EXERCISE INSTRUCTIONS:
Restate word for word the lines from the one containing "this 1280×1707 image." through the end of the listing below, with both ends included.

PROVIDED RECORDS:
————————
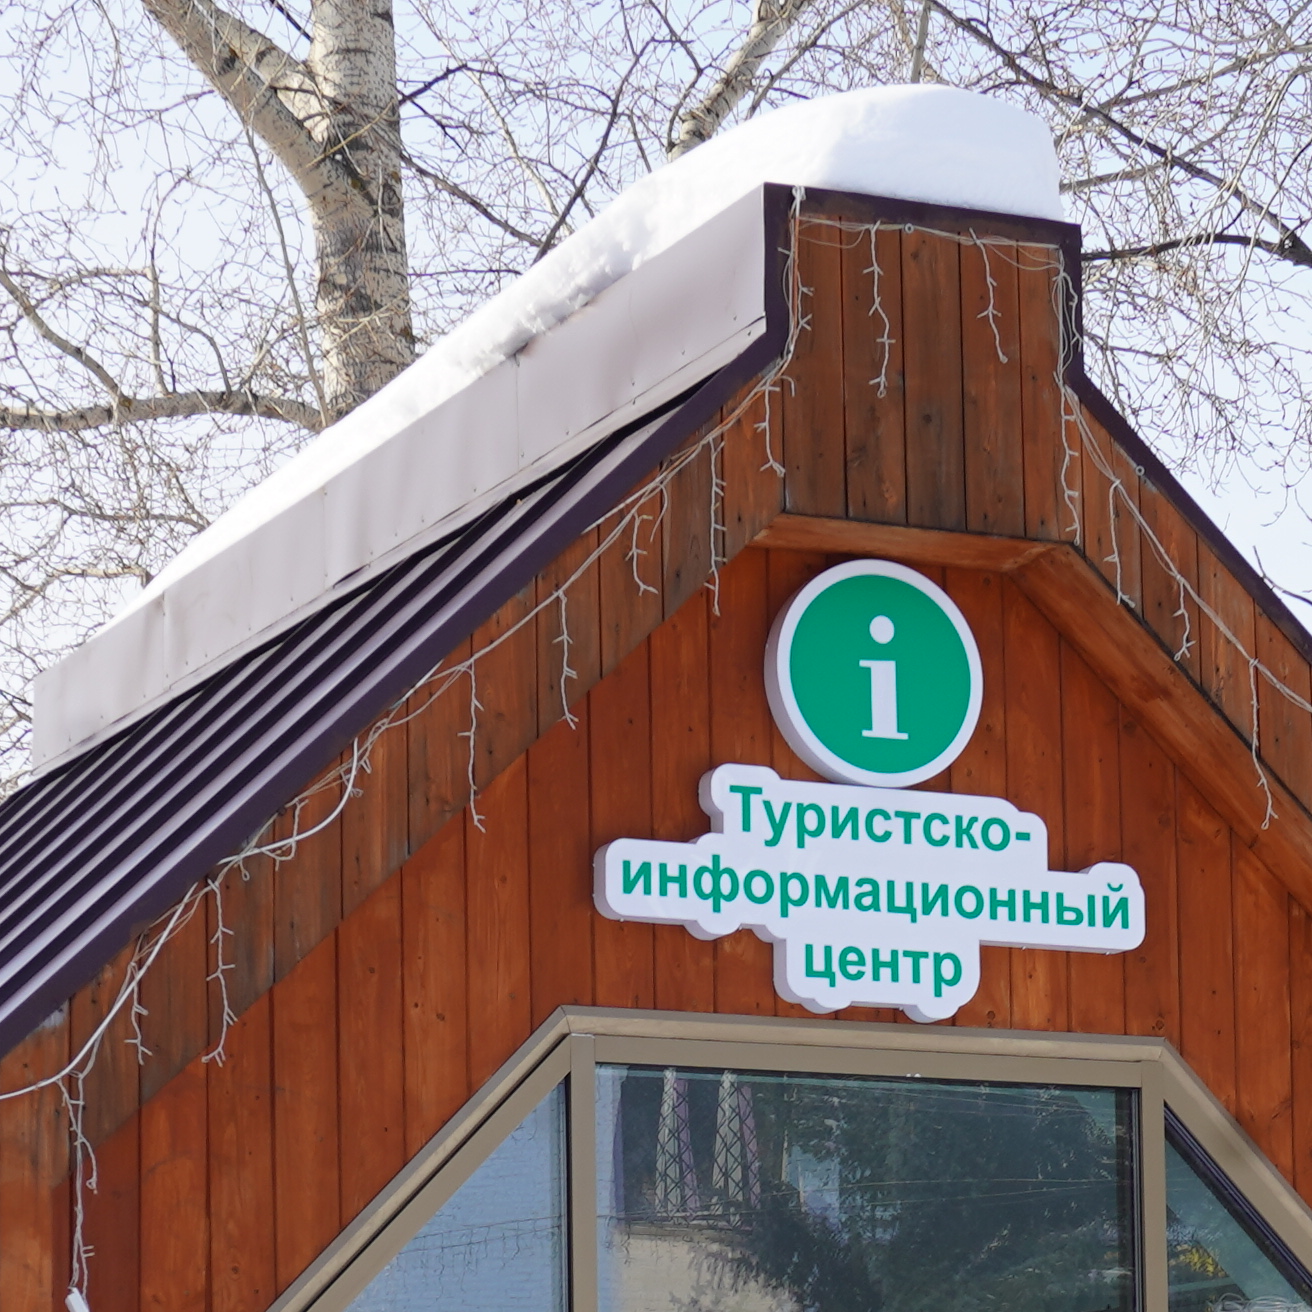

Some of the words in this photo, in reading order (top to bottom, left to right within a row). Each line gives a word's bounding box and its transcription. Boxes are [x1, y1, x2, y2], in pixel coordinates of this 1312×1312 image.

[859, 615, 908, 740] i
[729, 785, 1031, 852] Туристско-
[621, 855, 1130, 930] информационный
[804, 943, 963, 997] центр
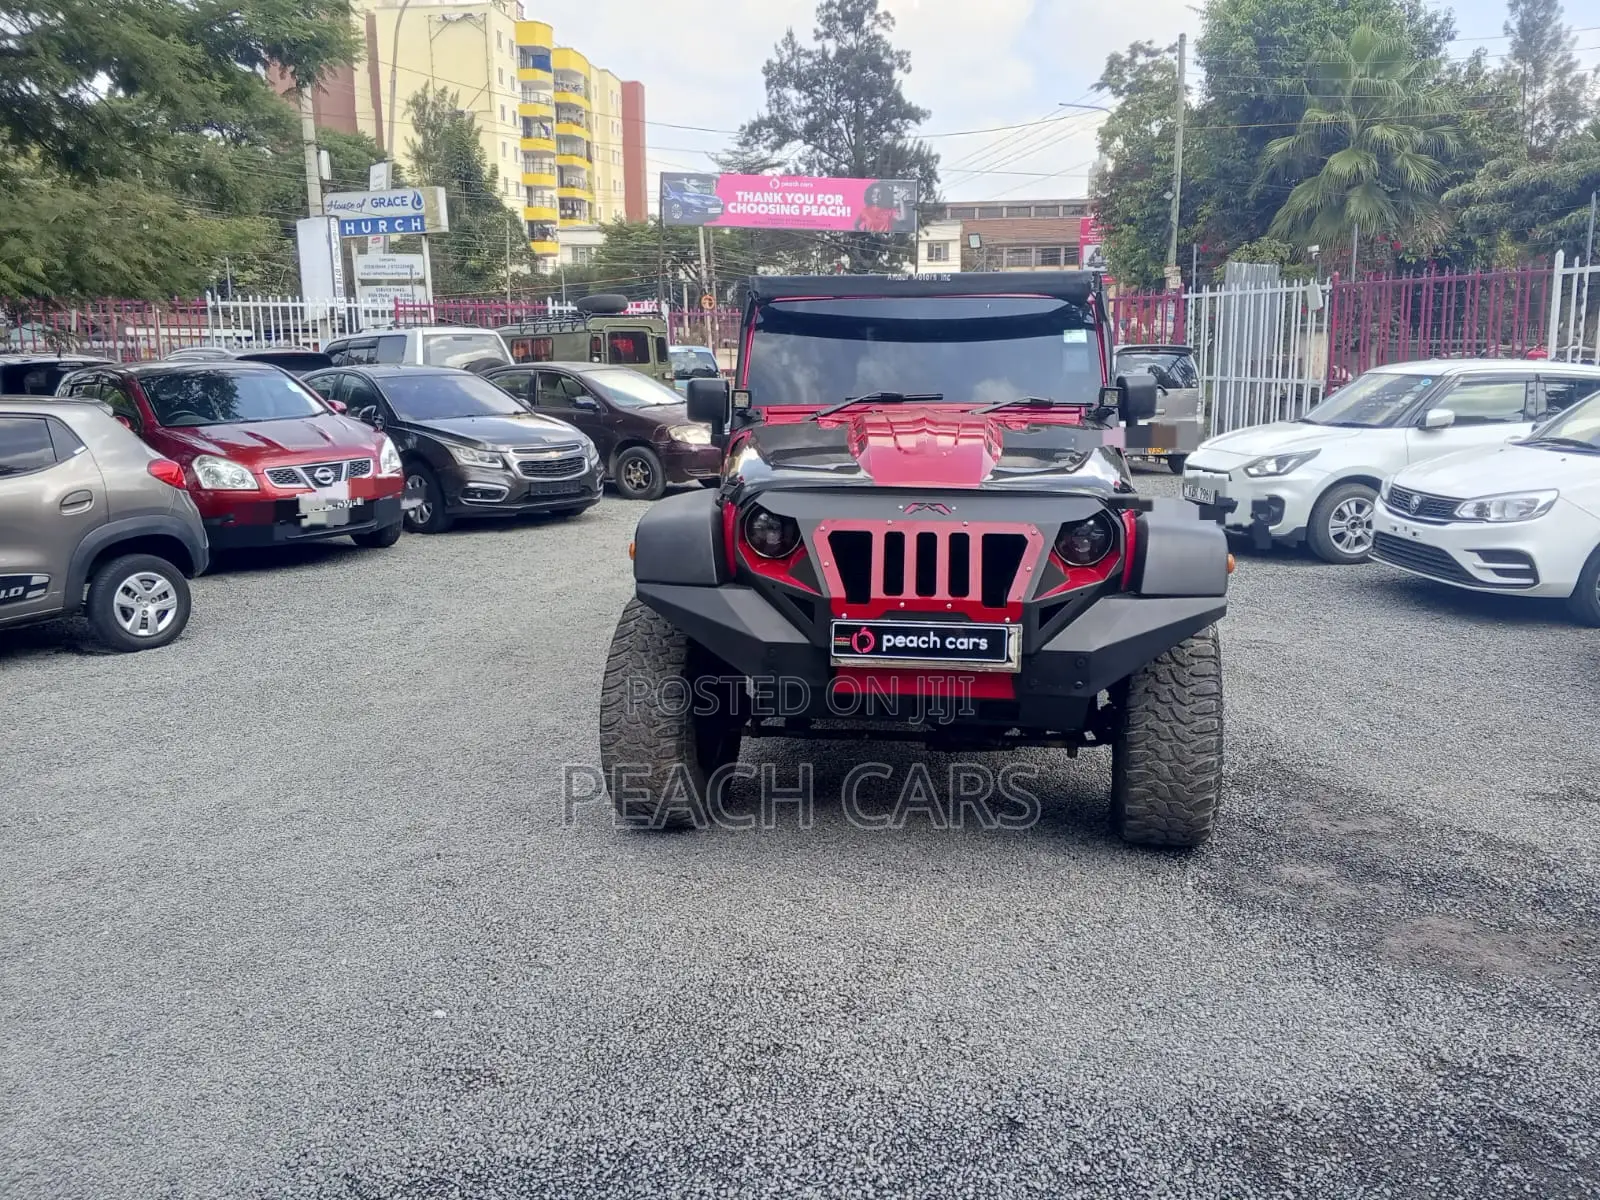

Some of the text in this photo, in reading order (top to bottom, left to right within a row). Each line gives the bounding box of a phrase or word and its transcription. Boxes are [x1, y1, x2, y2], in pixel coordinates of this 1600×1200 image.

[327, 196, 409, 213] House of GRACE
[735, 191, 844, 206] THANK YOU FOR
[728, 202, 851, 217] CHOOSING PEACH!
[345, 218, 421, 234] HURCH
[882, 631, 988, 652] peach cars
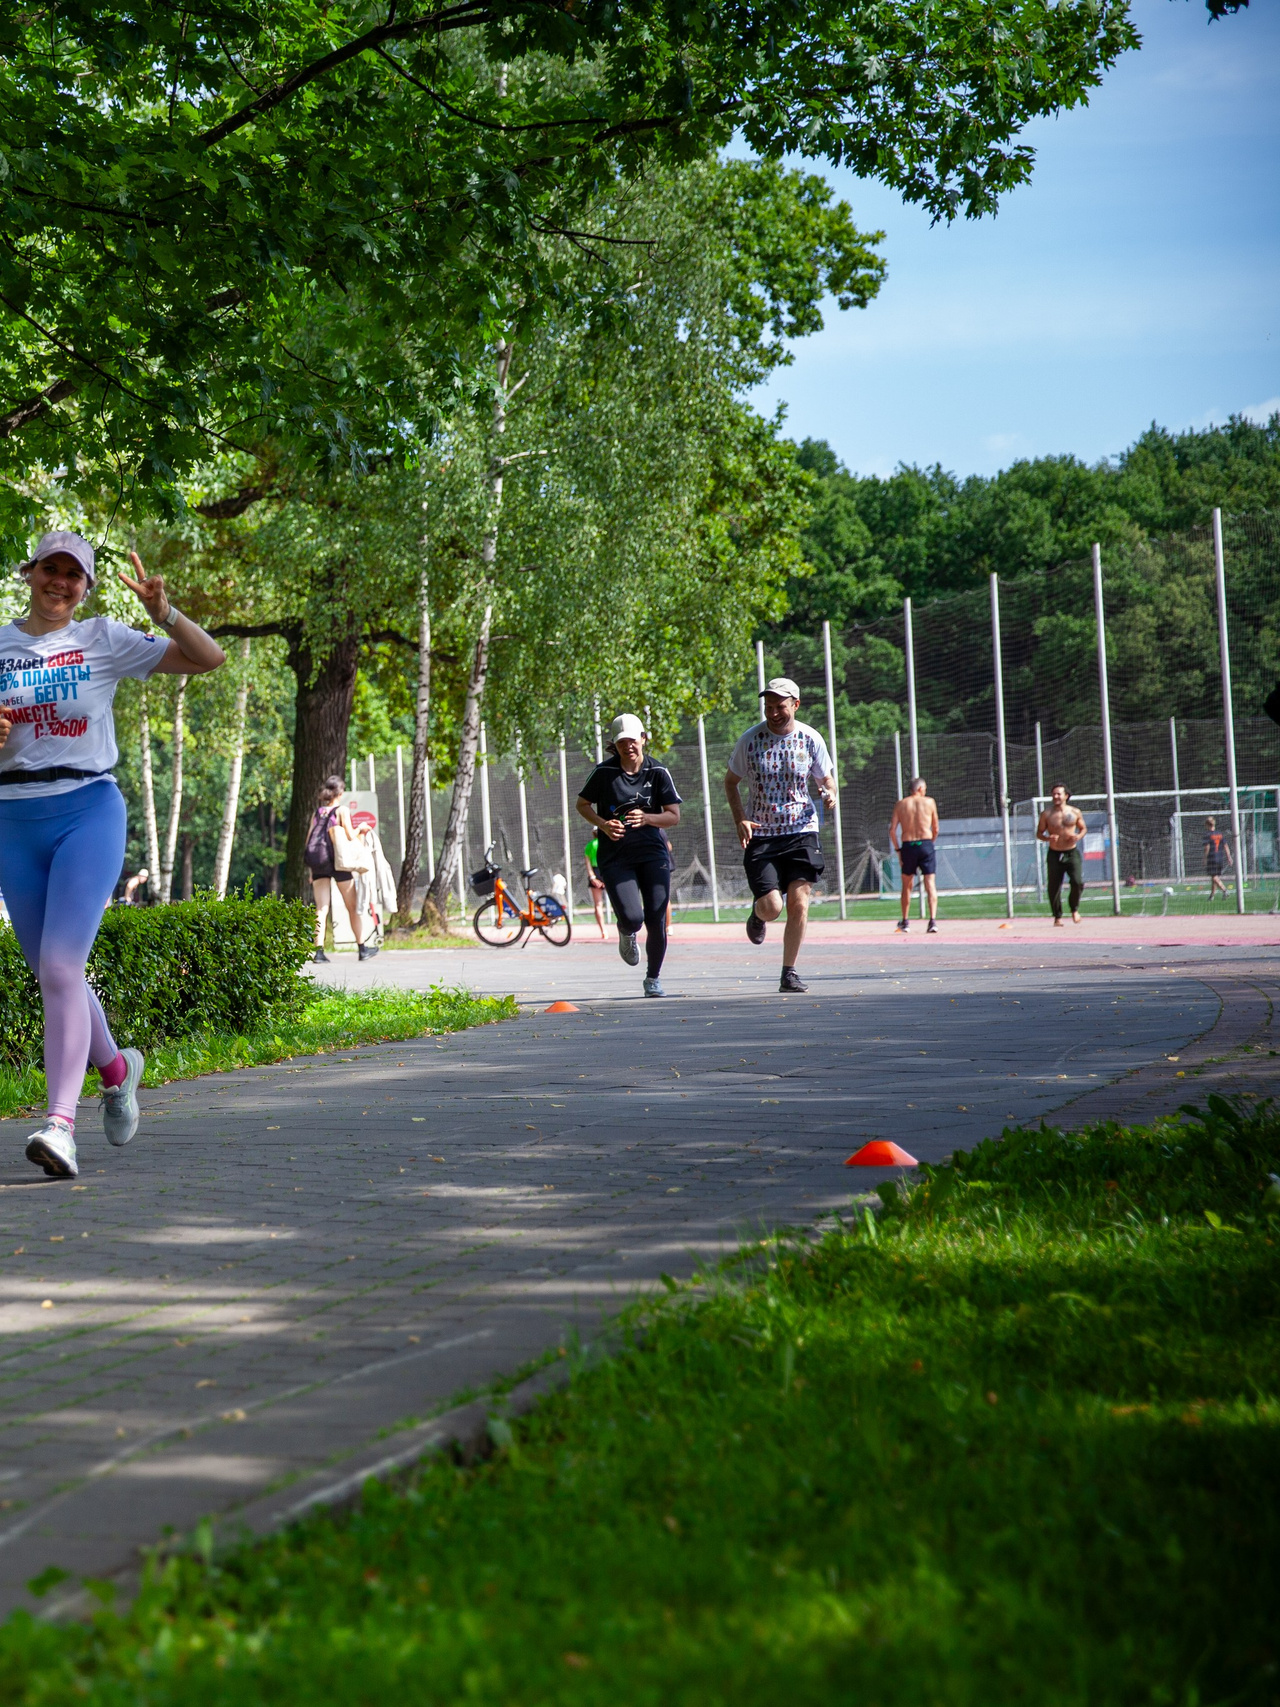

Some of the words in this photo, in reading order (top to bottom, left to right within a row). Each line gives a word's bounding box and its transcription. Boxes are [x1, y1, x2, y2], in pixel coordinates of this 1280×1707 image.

[47, 649, 84, 668] 2025
[22, 665, 91, 687] ПЛАНЕТЫ
[34, 682, 78, 704] БЕГУТ
————————
TASK OUTPUT:
Some of the words in this photo, in reading order (top to bottom, left to right within a row). Each line gives a word's bounding box and its transcription. Boxes are [x1, y1, x2, y2], in pixel coordinates of this 1280×1707 image.

[47, 649, 84, 668] 2025
[22, 665, 91, 687] ПЛАНЕТЫ
[34, 682, 78, 704] БЕГУТ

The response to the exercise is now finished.